While he might be right (actually he isn't) that IC would prevent the direct evolution of complex structures we have simple proof hat it is irrelevent since indirect evolution of complex structures happens all the time.

Seriously Hunter, there's no shortage of credible scientists who've shown in detail how Behe is wrong. I know you WANT to believe him but that means you have to be all the more critical of his work to make sure you aren't fooling yourself.

Jay D. Homnick said...

The Republicans "abused" Paula Jones? That is utterly insane.

The Democrats trashed Paula Jones. James Carville called her "trailer trash" on national TV.

Matt Huisman said...

"But of course he can't because ID isn't a scientific hypothesis."

Does he need to fully develop an alternative theory to raise some doubts about the prevailing theory? Isn't what Behe/Dembski are doing the same thing as saying that the current naturalistic explanations to their observations are weak?

I would expect to see more engagement from the scientific community showing how strong the evidence in favor of the current position is, rather than spending so much time shutting Behe/Dembski out based on the limitations of scienctific methodology.

"Seriously Hunter, there's no shortage of credible scientists who've shown in detail how Behe is wrong. I know you WANT to believe him but that means you have to be all the more critical of his work to make sure you aren't fooling yourself."

I may want to, but I don't need to believe Behe/Dembski. Naturalists are the ones that NEED to defeat ID.

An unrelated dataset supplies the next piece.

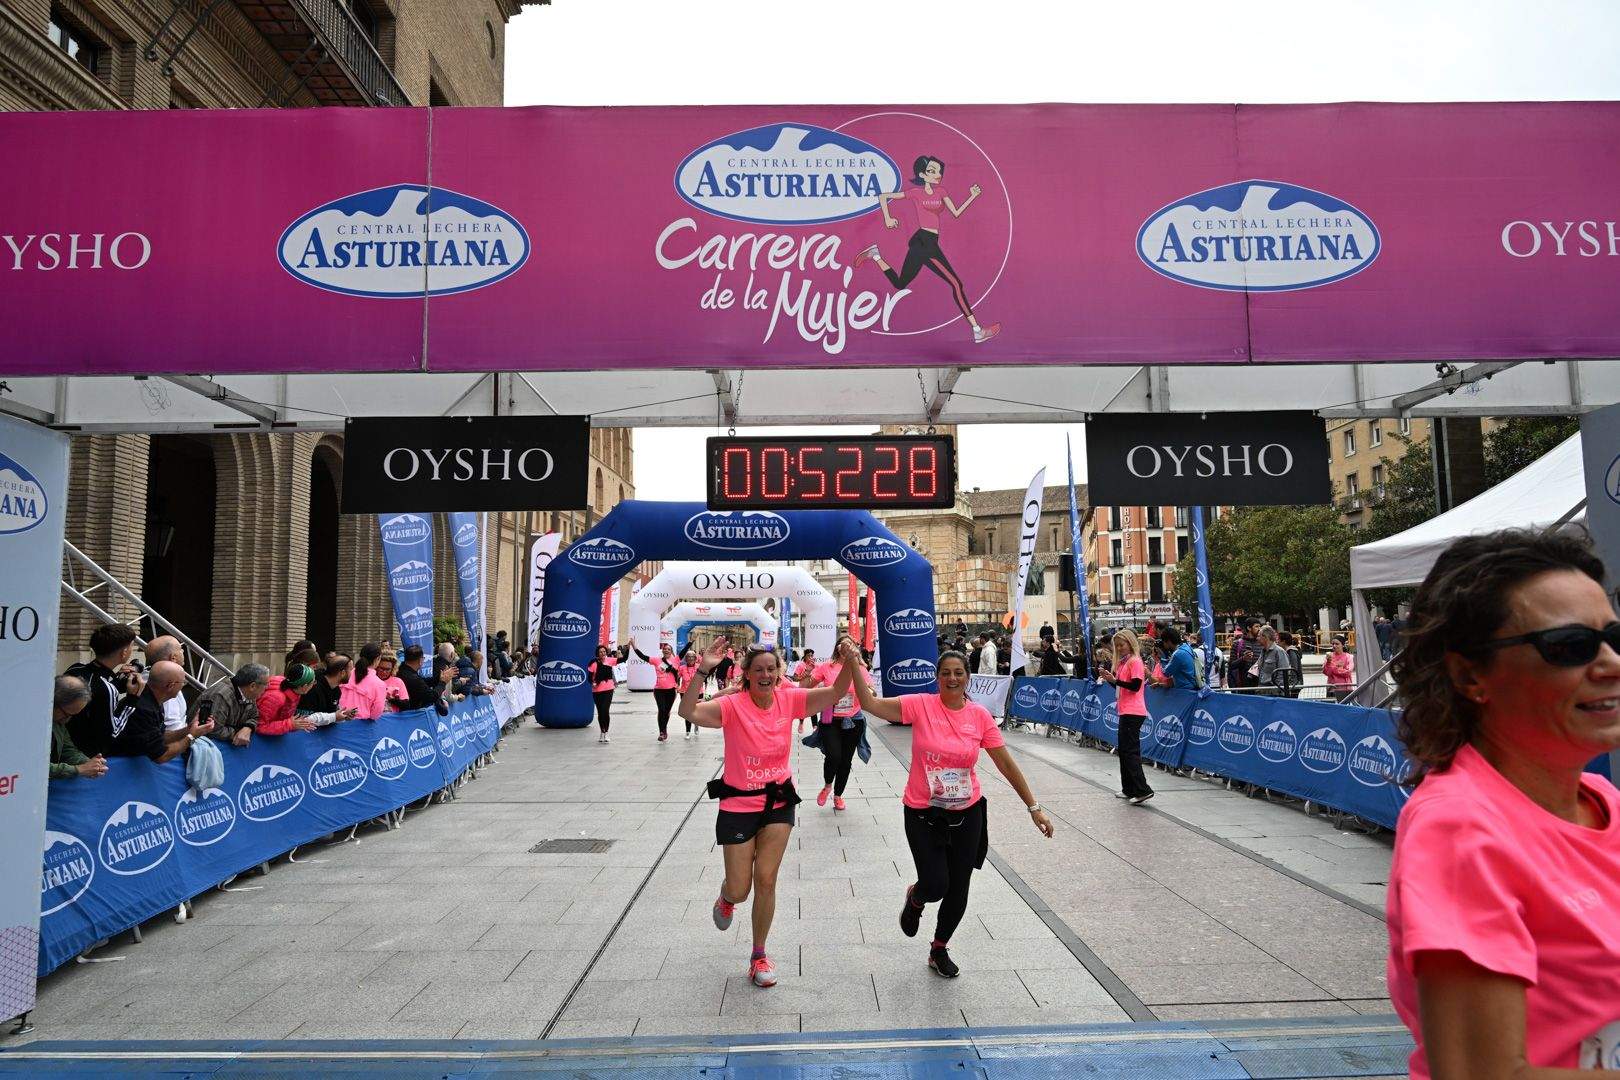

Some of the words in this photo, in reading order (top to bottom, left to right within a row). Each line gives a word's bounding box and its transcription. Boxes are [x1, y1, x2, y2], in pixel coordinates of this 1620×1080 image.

That said, I do appreciate that you have made your arguements with the assertion that scientific evidence refutes ID (as opposed to attacking ID's limitations as a rival theory). Are there any links available to discussions/papers traded between sides?

James Elliott said...

Huisman, that's just the point: ID CANNOT be a rival theory by the very basics of scientific methodology. Saying that by merely asking questions about evolution qualifies ID as a scientific theory is like ruling on the theory of gravity by having Zogby conduct a poll. This is why scientists don't engage ID. It isn't SCIENCE. It simply cannot be by the definitions of the field. It's an argument between laymen and at best a theological/philosophical question (and, I'll concede, a potentially interesting one).

Now, if you wanted to argue that all students should attend a philosophy class and wanted to make ID a part of a unit on the philosophy of science and/or reason, that'd be fine. Students should learn philosophy, and I regret that I had to be self-educated (and therefore imperfectly so) on the topic.

Tlaloc said...

"The Republicans "abused" Paula Jones? That is utterly insane."

Uh yeah, Paula wanted to settle and Coulter talked her out of it because she wanted to use the case to attack Clinton. Imagine how much pain She went through all on account of Couter's ambition.


"The Democrats trashed Paula Jones. James Carville called her "trailer trash" on national TV."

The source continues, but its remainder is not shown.